**Required work**
Copy the data as given. No line may be skipped.

Spatial localization data:

== Segment start ==

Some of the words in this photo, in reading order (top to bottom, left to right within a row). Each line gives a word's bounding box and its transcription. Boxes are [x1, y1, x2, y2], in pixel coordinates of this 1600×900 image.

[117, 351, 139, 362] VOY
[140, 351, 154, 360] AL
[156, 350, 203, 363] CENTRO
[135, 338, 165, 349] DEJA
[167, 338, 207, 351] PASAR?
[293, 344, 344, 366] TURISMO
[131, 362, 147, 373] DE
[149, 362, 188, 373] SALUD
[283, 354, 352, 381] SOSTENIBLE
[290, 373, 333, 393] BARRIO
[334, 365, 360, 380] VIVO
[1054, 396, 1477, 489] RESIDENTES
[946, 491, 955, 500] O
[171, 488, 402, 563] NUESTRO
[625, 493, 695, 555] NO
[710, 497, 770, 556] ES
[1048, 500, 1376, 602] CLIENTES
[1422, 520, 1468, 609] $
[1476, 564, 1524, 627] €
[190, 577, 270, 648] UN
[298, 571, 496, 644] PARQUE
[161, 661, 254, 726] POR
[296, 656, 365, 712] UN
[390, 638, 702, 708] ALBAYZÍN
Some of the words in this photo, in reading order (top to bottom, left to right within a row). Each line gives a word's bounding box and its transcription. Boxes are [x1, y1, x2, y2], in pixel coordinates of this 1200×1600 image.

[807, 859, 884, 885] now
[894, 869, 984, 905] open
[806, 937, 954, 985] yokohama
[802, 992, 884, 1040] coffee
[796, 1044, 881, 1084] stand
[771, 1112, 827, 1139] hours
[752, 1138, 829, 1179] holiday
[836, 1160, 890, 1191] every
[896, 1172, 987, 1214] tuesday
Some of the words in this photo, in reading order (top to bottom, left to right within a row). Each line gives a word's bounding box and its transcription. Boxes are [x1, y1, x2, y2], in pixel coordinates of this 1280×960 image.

== Segment end ==

**Answer to the exercise**
Some of the words in this photo, in reading order (top to bottom, left to right within a row). Each line gives a word's bounding box and its transcription. Boxes are [x1, y1, x2, y2], in pixel coordinates of this 1600×900 image.

[117, 351, 139, 362] VOY
[140, 351, 154, 360] AL
[156, 350, 203, 363] CENTRO
[135, 338, 165, 349] DEJA
[167, 338, 207, 351] PASAR?
[293, 344, 344, 366] TURISMO
[131, 362, 147, 373] DE
[149, 362, 188, 373] SALUD
[283, 354, 352, 381] SOSTENIBLE
[290, 373, 333, 393] BARRIO
[334, 365, 360, 380] VIVO
[1054, 396, 1477, 489] RESIDENTES
[946, 491, 955, 500] O
[171, 488, 402, 563] NUESTRO
[625, 493, 695, 555] NO
[710, 497, 770, 556] ES
[1048, 500, 1376, 602] CLIENTES
[1422, 520, 1468, 609] $
[1476, 564, 1524, 627] €
[190, 577, 270, 648] UN
[298, 571, 496, 644] PARQUE
[161, 661, 254, 726] POR
[296, 656, 365, 712] UN
[390, 638, 702, 708] ALBAYZÍN
Some of the words in this photo, in reading order (top to bottom, left to right within a row). Each line gives a word's bounding box and its transcription. Boxes are [x1, y1, x2, y2], in pixel coordinates of this 1200×1600 image.

[807, 859, 884, 885] now
[894, 869, 984, 905] open
[806, 937, 954, 985] yokohama
[802, 992, 884, 1040] coffee
[796, 1044, 881, 1084] stand
[771, 1112, 827, 1139] hours
[752, 1138, 829, 1179] holiday
[836, 1160, 890, 1191] every
[896, 1172, 987, 1214] tuesday
Some of the words in this photo, in reading order (top to bottom, left to right within a row). Each line gives a word's bounding box and its transcription. Boxes are [x1, y1, x2, y2], in pixel coordinates of this 1280×960 image.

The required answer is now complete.